**GOAL OF THE EXERCISE**
The output should match the data below line for line.

(DATA FOR THIS TASK Opens)

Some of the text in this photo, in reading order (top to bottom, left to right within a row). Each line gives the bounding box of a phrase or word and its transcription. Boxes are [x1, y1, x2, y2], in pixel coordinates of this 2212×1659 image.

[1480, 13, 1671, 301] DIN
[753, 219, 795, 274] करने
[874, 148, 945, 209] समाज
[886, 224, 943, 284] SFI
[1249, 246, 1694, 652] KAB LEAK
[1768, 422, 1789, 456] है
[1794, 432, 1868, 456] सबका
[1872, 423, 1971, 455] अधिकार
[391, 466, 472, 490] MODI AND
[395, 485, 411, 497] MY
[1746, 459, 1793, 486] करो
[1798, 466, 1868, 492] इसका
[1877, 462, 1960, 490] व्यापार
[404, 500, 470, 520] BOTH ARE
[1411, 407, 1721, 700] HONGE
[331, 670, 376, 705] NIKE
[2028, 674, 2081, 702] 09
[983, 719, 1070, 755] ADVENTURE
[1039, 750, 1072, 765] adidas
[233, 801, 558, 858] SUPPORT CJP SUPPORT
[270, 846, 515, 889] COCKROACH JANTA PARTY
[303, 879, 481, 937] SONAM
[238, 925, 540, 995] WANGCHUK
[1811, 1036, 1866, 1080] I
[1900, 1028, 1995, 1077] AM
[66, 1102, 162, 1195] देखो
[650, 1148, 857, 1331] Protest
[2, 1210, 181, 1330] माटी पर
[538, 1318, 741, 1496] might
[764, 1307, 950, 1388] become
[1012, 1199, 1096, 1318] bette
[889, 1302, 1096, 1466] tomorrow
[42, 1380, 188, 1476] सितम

(DATA FOR THIS TASK Closes)

**RESPONSE FOR THIS EXERCISE**
Some of the text in this photo, in reading order (top to bottom, left to right within a row). Each line gives the bounding box of a phrase or word and its transcription. Boxes are [x1, y1, x2, y2], in pixel coordinates of this 2212×1659 image.

[1480, 13, 1671, 301] DIN
[753, 219, 795, 274] करने
[874, 148, 945, 209] समाज
[886, 224, 943, 284] SFI
[1249, 246, 1694, 652] KAB LEAK
[1768, 422, 1789, 456] है
[1794, 432, 1868, 456] सबका
[1872, 423, 1971, 455] अधिकार
[391, 466, 472, 490] MODI AND
[395, 485, 411, 497] MY
[1746, 459, 1793, 486] करो
[1798, 466, 1868, 492] इसका
[1877, 462, 1960, 490] व्यापार
[404, 500, 470, 520] BOTH ARE
[1411, 407, 1721, 700] HONGE
[331, 670, 376, 705] NIKE
[2028, 674, 2081, 702] 09
[983, 719, 1070, 755] ADVENTURE
[1039, 750, 1072, 765] adidas
[233, 801, 558, 858] SUPPORT CJP SUPPORT
[270, 846, 515, 889] COCKROACH JANTA PARTY
[303, 879, 481, 937] SONAM
[238, 925, 540, 995] WANGCHUK
[1811, 1036, 1866, 1080] I
[1900, 1028, 1995, 1077] AM
[66, 1102, 162, 1195] देखो
[650, 1148, 857, 1331] Protest
[2, 1210, 181, 1330] माटी पर
[538, 1318, 741, 1496] might
[764, 1307, 950, 1388] become
[1012, 1199, 1096, 1318] bette
[889, 1302, 1096, 1466] tomorrow
[42, 1380, 188, 1476] सितम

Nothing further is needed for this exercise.